Privacy-cost trade-off in a smart meter system with a renewable energy source and a rechargeable battery
Ecenaz Erdemir, Pier Luigi Dragotti, Deniz Gunduz

TL;DR
This paper investigates the balance between privacy and energy cost in smart meter systems with renewable energy and rechargeable batteries, proposing optimal and low-complexity management policies.
Contribution
It formulates the privacy-cost trade-off as a Markov decision process and introduces efficient policies with near-optimal performance.
Findings
Proposed an MDP-based optimal policy for privacy-cost trade-off.
Developed low-complexity policies close to optimal performance.

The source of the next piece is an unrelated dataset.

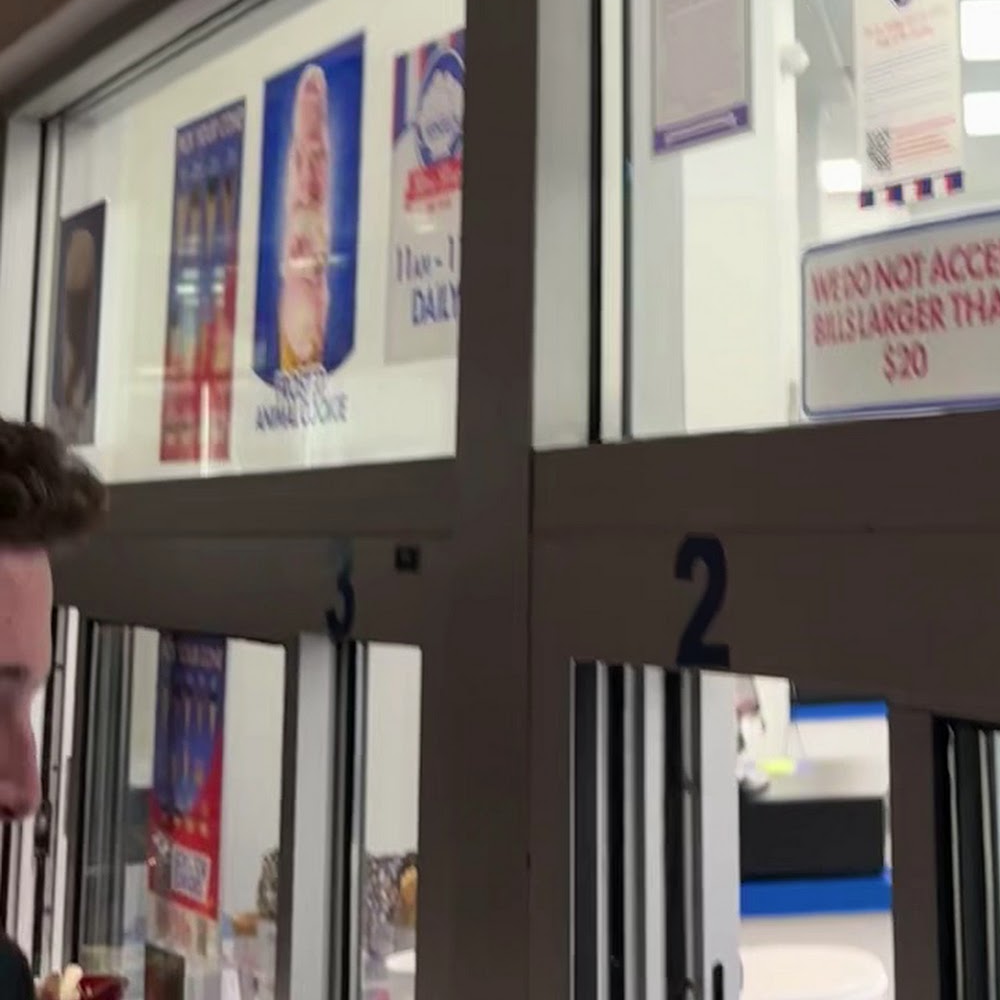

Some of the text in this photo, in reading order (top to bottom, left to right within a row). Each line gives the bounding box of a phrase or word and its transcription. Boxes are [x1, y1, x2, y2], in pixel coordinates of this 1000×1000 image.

Provided a lower bound for the privacy-cost trade-off.
Abstract
We study the privacy-cost trade-off in a smart meter (SM) system with a renewable energy source (RES) and a finite-capacity rechargeable battery (RB). Privacy is measured by the mutual information rate between the energy demand and the energy received from the grid, where the latter also determines the cost, and hence, reported by the SM to the utility provider (UP). We consider a renewable energy generation process that fully charges the RB at random time instants, and its realization is assumed to be known also by the UP. We reformulate the problem as a Markov decision process (MDP), and solve it by dynamic programming (DP) to design battery charging and discharging policies that minimize a linear combination of the privacy leakage and energy cost. We also propose a lower bound and two alternative low-complexity energy management policies, one of which is shown numerically to perform…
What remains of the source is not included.